I used to think that a spot meter would be useful in landscape photography when I wanted to use graduated neutral density filters, and I was thinking of buying one. But with time and experience I have learned to instinctively know which strength of filter I will need just by evaluating the scene. And since I use these Grad NDs mostly in rapidly changing light I need to get set up fast. Using a meter to record the exposure for the terrain and the sky only cuts into the few minutes I have to get the shot. I can work faster by spot metering an area that I want to make sure I get right then grab the Grad ND I think will be needed (sometimes more than one which will require stacking) then using the histogram on the LCD to guide me.
Ernesto Santos esartprints.comErnesto Santos Photography Get my new e-Book "Churches of Texas"

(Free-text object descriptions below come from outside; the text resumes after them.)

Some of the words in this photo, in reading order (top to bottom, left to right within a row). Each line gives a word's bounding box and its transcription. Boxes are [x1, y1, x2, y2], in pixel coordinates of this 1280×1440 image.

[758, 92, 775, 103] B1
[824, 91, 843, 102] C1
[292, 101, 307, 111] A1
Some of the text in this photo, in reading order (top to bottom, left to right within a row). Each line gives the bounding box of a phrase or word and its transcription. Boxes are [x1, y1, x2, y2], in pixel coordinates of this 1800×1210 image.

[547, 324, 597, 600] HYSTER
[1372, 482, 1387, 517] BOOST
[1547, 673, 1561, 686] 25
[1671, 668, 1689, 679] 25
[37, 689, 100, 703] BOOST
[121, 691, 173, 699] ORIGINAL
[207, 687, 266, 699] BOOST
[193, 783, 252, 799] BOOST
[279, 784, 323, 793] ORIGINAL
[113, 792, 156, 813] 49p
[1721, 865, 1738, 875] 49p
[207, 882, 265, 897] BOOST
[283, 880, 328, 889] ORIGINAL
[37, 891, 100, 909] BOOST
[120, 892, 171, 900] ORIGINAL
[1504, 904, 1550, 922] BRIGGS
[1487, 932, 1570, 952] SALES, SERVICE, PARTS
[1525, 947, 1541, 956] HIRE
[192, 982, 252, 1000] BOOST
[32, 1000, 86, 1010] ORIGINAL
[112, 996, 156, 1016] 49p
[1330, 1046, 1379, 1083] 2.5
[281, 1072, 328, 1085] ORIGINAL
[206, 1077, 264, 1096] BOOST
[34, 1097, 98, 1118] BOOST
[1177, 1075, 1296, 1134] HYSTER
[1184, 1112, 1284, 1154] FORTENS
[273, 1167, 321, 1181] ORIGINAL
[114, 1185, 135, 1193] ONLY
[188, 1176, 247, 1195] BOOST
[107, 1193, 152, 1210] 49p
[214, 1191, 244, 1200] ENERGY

Back in the days of film, I had several cameras that had no built in meter so I bought a Sekonic L-385(not sure about that number) and a spot meter that looked like a 22nd Century pistol. I was shooting a lot of K-64 then and discovered after a lot of practice, I could look at the light conditions and get within about 1/2 stop of being right on with the exposure and abandoned both meters eventually. I've gotten a bit rusty with that so don't attempt it anymore but, it was necessary then. I see no reason to use a reflective/incident meter myself. An incident meter can fool you if you don't know how to use it properly.

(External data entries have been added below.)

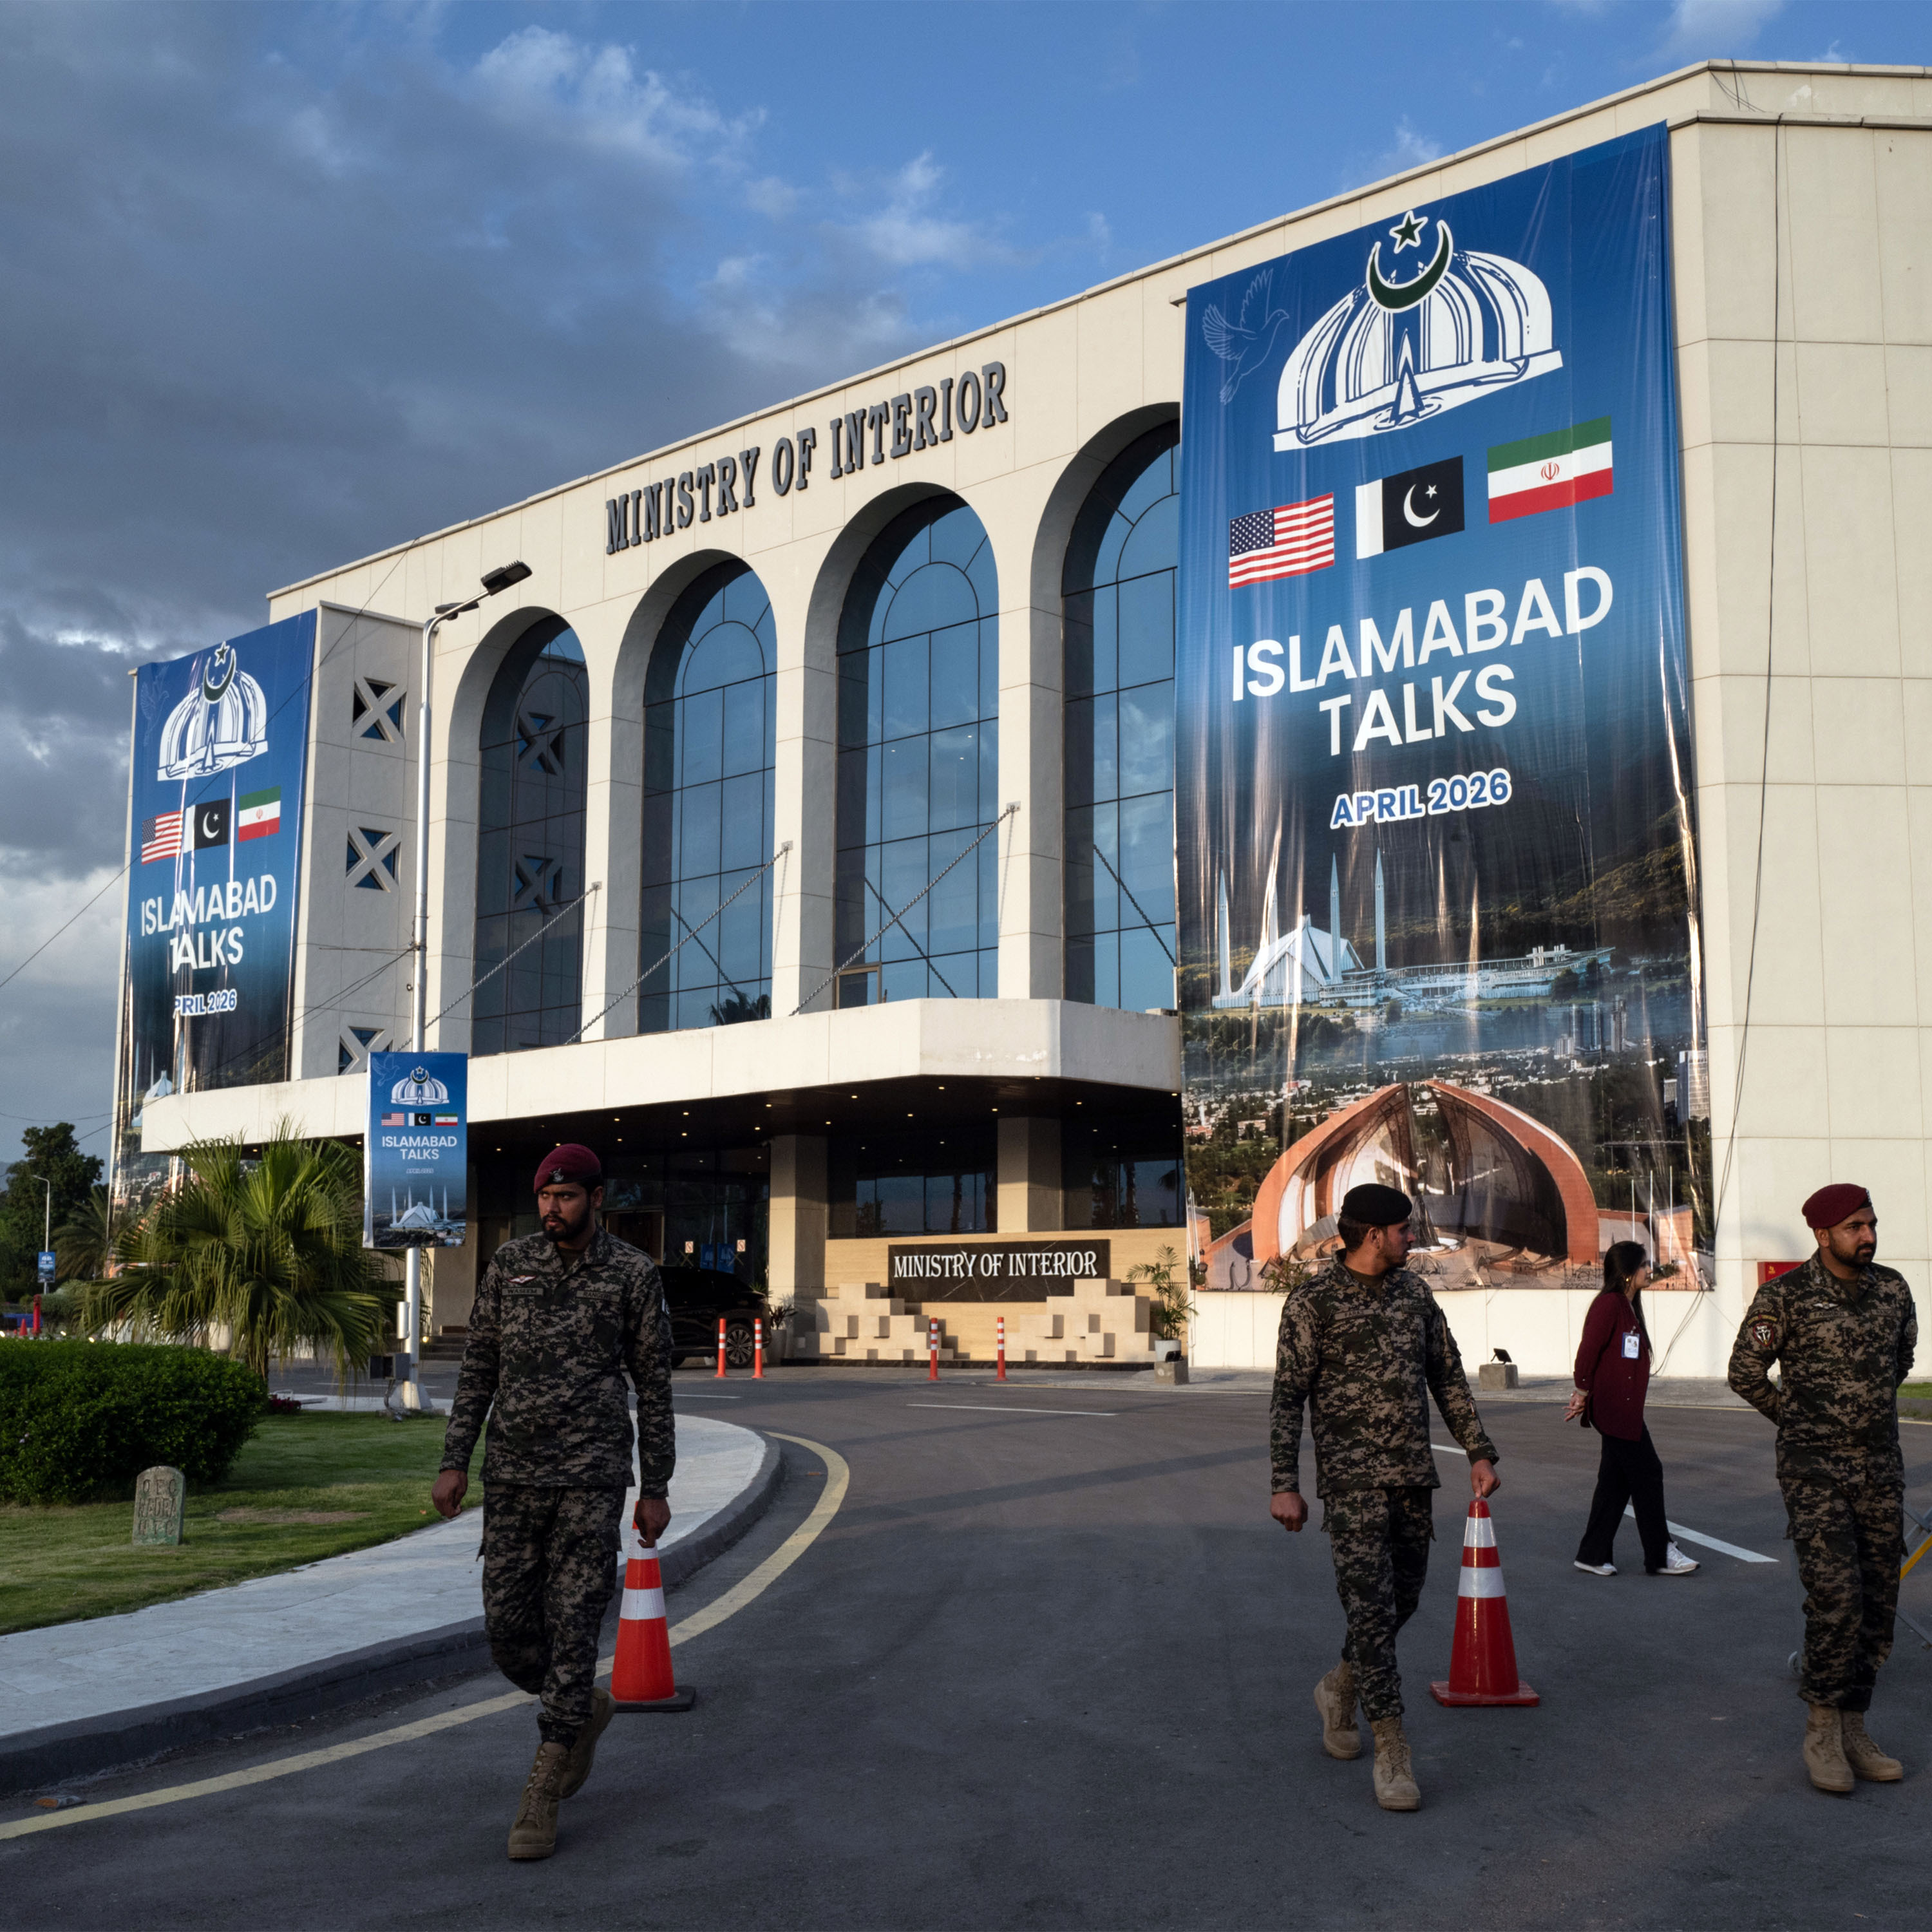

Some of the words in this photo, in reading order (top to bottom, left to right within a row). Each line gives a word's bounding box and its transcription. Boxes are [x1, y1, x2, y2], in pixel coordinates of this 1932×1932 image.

[606, 446, 760, 554] MINISTRY
[772, 427, 817, 496] OF
[830, 361, 1009, 479] INTERIOR
[1233, 566, 1613, 701] ISLAMABAD
[1319, 664, 1517, 756] TALKS
[1330, 785, 1425, 829] APRIL
[1427, 768, 1512, 816] 2026
[142, 874, 277, 936] ISLAMABAD
[170, 926, 243, 974] TALKS
[173, 994, 207, 1019] PRIL
[207, 989, 237, 1014] 2026
[382, 1136, 457, 1148] ISLAMABAD
[400, 1148, 440, 1160] TALKS
[894, 1251, 977, 1278] MINISTRY
[980, 1253, 1004, 1277] OF
[1009, 1251, 1097, 1278] INTERIOR

My goal in life is to be the person my dog already thinks I am.
Sat 12-Sep-09 08:46 AM | edited Sat 12-Sep-09 09:11 AM by Beemer2
I have a Gossen Lunalite reflected + incident + spot attachment. It can take low light readings for exposures as long as 8 hours. This would be used for "Nightscape" images. (Not that I indulge in such nocturnal activity!) Another use for it is to use it's Zone System scale (ala Ansel Adams)
Unless someone contradicts me I believe that in theory proper use of an incident light meter although slow will ensure that digital image highlights are never blown.
I do not use this lightmeter or my Weston EuroMaster V very often except when I am working with my Mamiya 330f twin lens reflex camera.
I always have my Gossen Lunasix with me "just in case" but rarely use it. What does astound me is the accuracy of an old-fashioned "exposure calculator" (with rotary dial). The one I have was made by Johnson in England and is calibrated for UK latitudes and seasons. By just dialling in month and time, weather, subject type and ISO setting I get within 1/2 a stop of any meter! All from a bit of plastic!
John Gruffydd Mold, Wales, UK D300, D200, OM1, OM2n, Bronica ETRSi, Lumix LX5
I carry one with me all the time, but hardly ever use it. Mine is a Gossen Luna Pro that I've had for over 25-30 years and it still works like it was new. When I shot film in the studio, I relied on it almost exclusively, except when using flash, then I would use my flash meter. With the advent of digital photography, I seriously doubt if the hand-held exposure meter will be around for very much longer. Digital is spoiling all of us, with all the automatic exposure, focusing, and all. Will it ever stop? Bob
I find my old Luna Pro occasionally useful for incident light readings--in turn useful when reflective metering is fooled by lots of dark or light tones, and spot metering is difficult--or as a check for same, or for my in head calculations of zone placements.